Elea mengangguk. "Gue mau pulang Max, tolong anterin gue."
"Elea ...." Kenzie berucap pelan. Dia tak percaya Elea lebih memilih pergi bersama Max.
"Elea!" Kenzie terus memanggil Elea, tetapi perempuan itu malah memilih acuh dan masuk ke dalam mobil milik Max.
"Gue yang akan antar Elea! Lebih baik lo pulang Ken dan enggak usah cemasin soal Elea lagi!" ucap Max sebelum naik ke mobilnya.
Tangan Kenzie kembali mengepal saat melihat mobil Max menjauh. Hingga setelah semakin jauh dia menggeram seraya memukul udara di sekitarnya.
"Sial! Naresh yang salah tapi kenapa gue yang lo benci El!"
"Kenapa lo tega sama gue Elea!"
"Gu-gue sayang sama lo Elea ... tolong anggap gue sekali aja." Kenzie mengucapkan semua isi hatinya dengan lirih dan menjatuhkan diri ke tanah. Dia terus berteriak melampiaskan semua perasaannya di tengah kesunyian fajar yang belum menyingsing.
.....
Apa gue udah keterlaluan ya sama Kenzie?
Elea melirik ke arah spion dan dia bisa melihat Kenzie bersimpuh di tanah. Dia terus mengamati sosok Kenzie hingga hilang dari pandangannya. Saat sosok itu menghilang Elea merasa begitu menyesal dan entah kenapa batinnya juga ikut terasa sakit hingga ia tak kuasa menahan air matanya.
Maxim mengulurkan tangannya ke arah kepala Elea, lalu dia memegang pucuk kepala Elea. "Lo kenapa nangis lagi? Kepala lo masih sakit?"
"Enggak kok Max, sakit di kepala gue udah berkurang."
"Lo nangis mikirin Kenzie apa Naresh?"
Elea tak menjawab apa pun karena mengingat kedua orang tersebut hanya membuat tangisannya tak bisa berhenti. Dia belum tahu pasti kenapa hatinya seperti ini. Tapi yang jelas hatinya betul-betul terasa sakit.
Max menghela nafasnya. "Lo sadar sih kalau Kenzie tuh suka sama lo."
Apa? Elea langsung menoleh ke arah Max yang tengah menatapnya.
"Jadi lo selama ini enggak sadar, El?"
Elea menggeleng. "Enggak mungkin! Kenzie tuh sukanya sama orang lain. Gue sama Kenzie tuh cuma sebatas sahabatan Max."
Max tertawa lalu mengalihkan tatapannya ke jalan. "Bener ya jatuh cinta itu bikin orang buta. Saking cintanya lo sama Naresh. Lo sampe enggak menyadari kalau di dekat lo ada laki-laki yang begitu menyayangi lo dengan tulus."
Elea tak mau berkomentar apa-apa. Dia memilih bungkam tetapi sebenarnya pikirannya langsung mencerna semua yang terjadi antara dirimya dan Kenzie. Dia mengingat semua perlakuan Kenzie terhadapnya.
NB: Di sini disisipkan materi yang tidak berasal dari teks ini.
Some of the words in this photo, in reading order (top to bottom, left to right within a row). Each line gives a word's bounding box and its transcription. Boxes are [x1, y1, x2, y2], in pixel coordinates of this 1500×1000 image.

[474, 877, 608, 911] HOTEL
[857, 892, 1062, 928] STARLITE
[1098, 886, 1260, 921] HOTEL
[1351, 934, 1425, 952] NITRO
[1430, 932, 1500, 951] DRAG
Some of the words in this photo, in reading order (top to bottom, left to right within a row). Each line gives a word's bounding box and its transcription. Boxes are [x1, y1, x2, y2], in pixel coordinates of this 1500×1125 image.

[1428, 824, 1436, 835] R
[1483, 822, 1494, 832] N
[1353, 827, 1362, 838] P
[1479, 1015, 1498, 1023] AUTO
Apa benar Kenzie suka sama gue?
Enggak mungkin, Kenzie enggak mungkin suka sama gue. Semua yang dia lakukan pasti hanya sekedar perhatian sebagai sahabat.
.......
Max memberhentikan mobilnya tepat di depan kediaman Elea. Lalu Elea pun bersiap untuk turun. Sebelum turun Elea menoleh ke arah Max untuk mengucapkan terima kasih.
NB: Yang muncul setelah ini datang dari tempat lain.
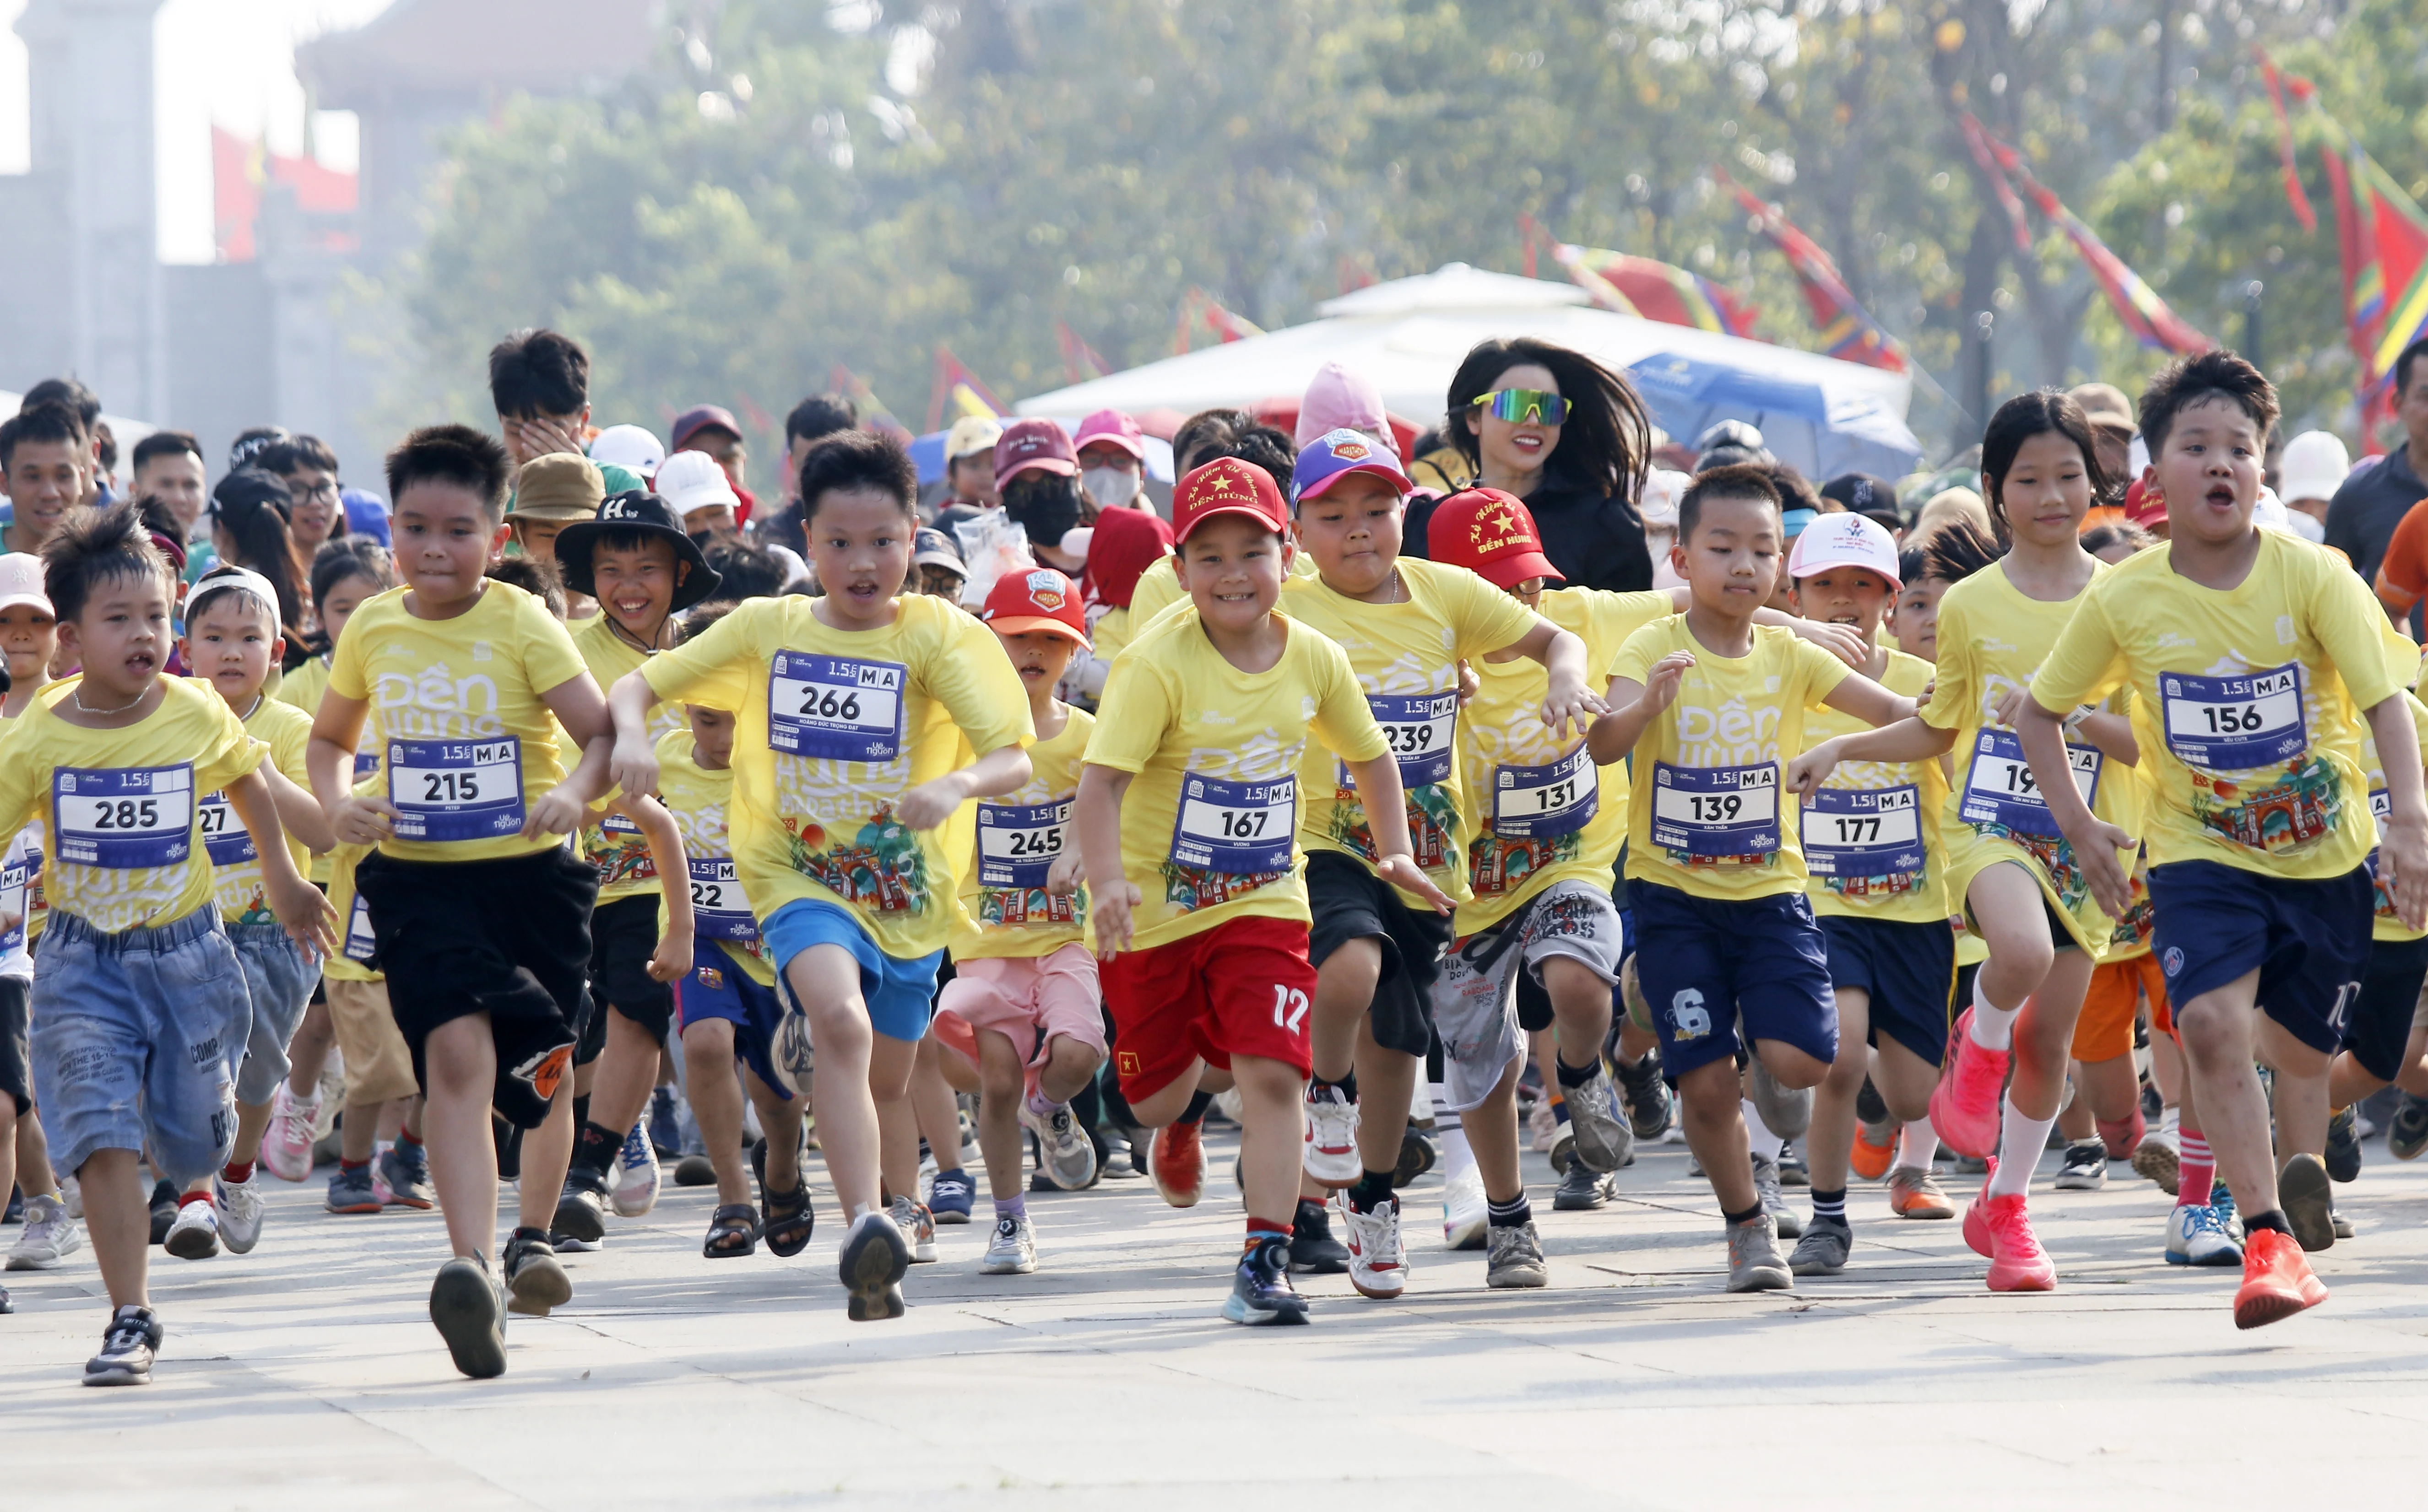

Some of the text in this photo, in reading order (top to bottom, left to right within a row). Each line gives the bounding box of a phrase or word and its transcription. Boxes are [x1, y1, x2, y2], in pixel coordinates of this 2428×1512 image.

[1339, 446, 1365, 457] MARATHON
[604, 498, 627, 520] H
[1478, 533, 1532, 554] ĐỀN HÙNG
[829, 662, 850, 677] 1.5
[862, 669, 894, 686] M A
[376, 661, 497, 712] Đền
[2222, 681, 2244, 695] 1.5
[2257, 675, 2290, 694] M A
[800, 686, 860, 720] 266
[1405, 701, 1423, 713] 1.5
[1433, 698, 1452, 715] M A
[830, 722, 847, 730] TRỌNG
[1677, 694, 1782, 743] Đền
[2203, 704, 2262, 733] 156
[1384, 724, 1432, 751] 239
[443, 745, 463, 759] 1.5
[477, 745, 510, 761] M A
[1577, 753, 1583, 766] F
[2081, 754, 2093, 767] A
[1554, 761, 1569, 777] 1.5
[121, 773, 142, 787] 1.5
[424, 772, 479, 800] 215
[1713, 772, 1730, 784] 1.5
[1743, 771, 1772, 785] M A
[2006, 765, 2040, 793] 19
[1246, 788, 1263, 800] 1.5
[1271, 787, 1291, 802] M A
[1536, 779, 1575, 810] 131
[1851, 795, 1870, 807] 1.5
[1882, 794, 1910, 808] M A
[1691, 795, 1742, 821] 139
[2375, 798, 2386, 809] A
[95, 799, 159, 828] 285
[1030, 809, 1048, 821] 1.5
[1061, 807, 1067, 818] F
[1222, 811, 1268, 837] 167
[1836, 817, 1881, 842] 177
[1010, 828, 1062, 855] 245
[691, 863, 710, 874] 1.5
[721, 865, 733, 877] M
[4, 870, 22, 886] M A
[691, 883, 722, 907] 22
[1274, 983, 1309, 1037] 12
[1672, 987, 1711, 1036] 6
"Thanks ya Max, udah nolongin gue kemarin."
"Sama-sama El. Lebih baik lo periksa kondisi kepala lo. Gue takut ada sesuatu yang bahaya."
"Ok Max."
Elea hendak turun, tetapi tiba-tiba Max menahannya. "Tunggu El."
"Ada apa Max?"
Max mendekatkan wajahnya ke wajah Elea, lalu dia menatap kedua mata Elea dengan sungguh-sungguh membuat Elea kembali waspada. "Max lo mau apa?"
"Tenang aja El, gue cuma mau bilang sesuatu sama lo."
"Apa?"
"Jangan buang air mata lo buat laki-laki yang sama sekali enggak mikirin lo. Lo berhak bahagia, dan terbebas dari semua perasaan yang begitu menyiksa itu."
Max menyeka sedikit air mata yang ada di ujung kelopak mata Elea, lalu dia tersenyum. "Lo harus bahagia dan sehat biar bisa balik syuting lagi ok."
Elea hanya mengangguk, entah kenapa dia merasa tersentuh dengan kata-kata yang diucapkan Max. Semua kata dan perlakuan Max membuat penilaiannya terhadap laki-laki itu berubah.
"Gu-gue turun ya ... sekali lagi terima kasih buat bantuan lo."
"Sama-sama Elea."
Max melambaikan tangan dan terus mengamati Elea yang masuk ke kediamannya. Lalu dia memegang dadanya yang sedari tadi bergemuruh tak beraturan. Selama ini dia belum pernah merasakan debaran seperti ini saat bersama Ilonna. Dia benar-benar sudah jatuh hati kepada Elea.
"Elea mungkin selama ini di hidup lo hanya ada Naresh dan Kenzie, tetapi mulai sekarang gue akan turut serta mewarnai hidup lo. Gue akan bikin hati lo luluh."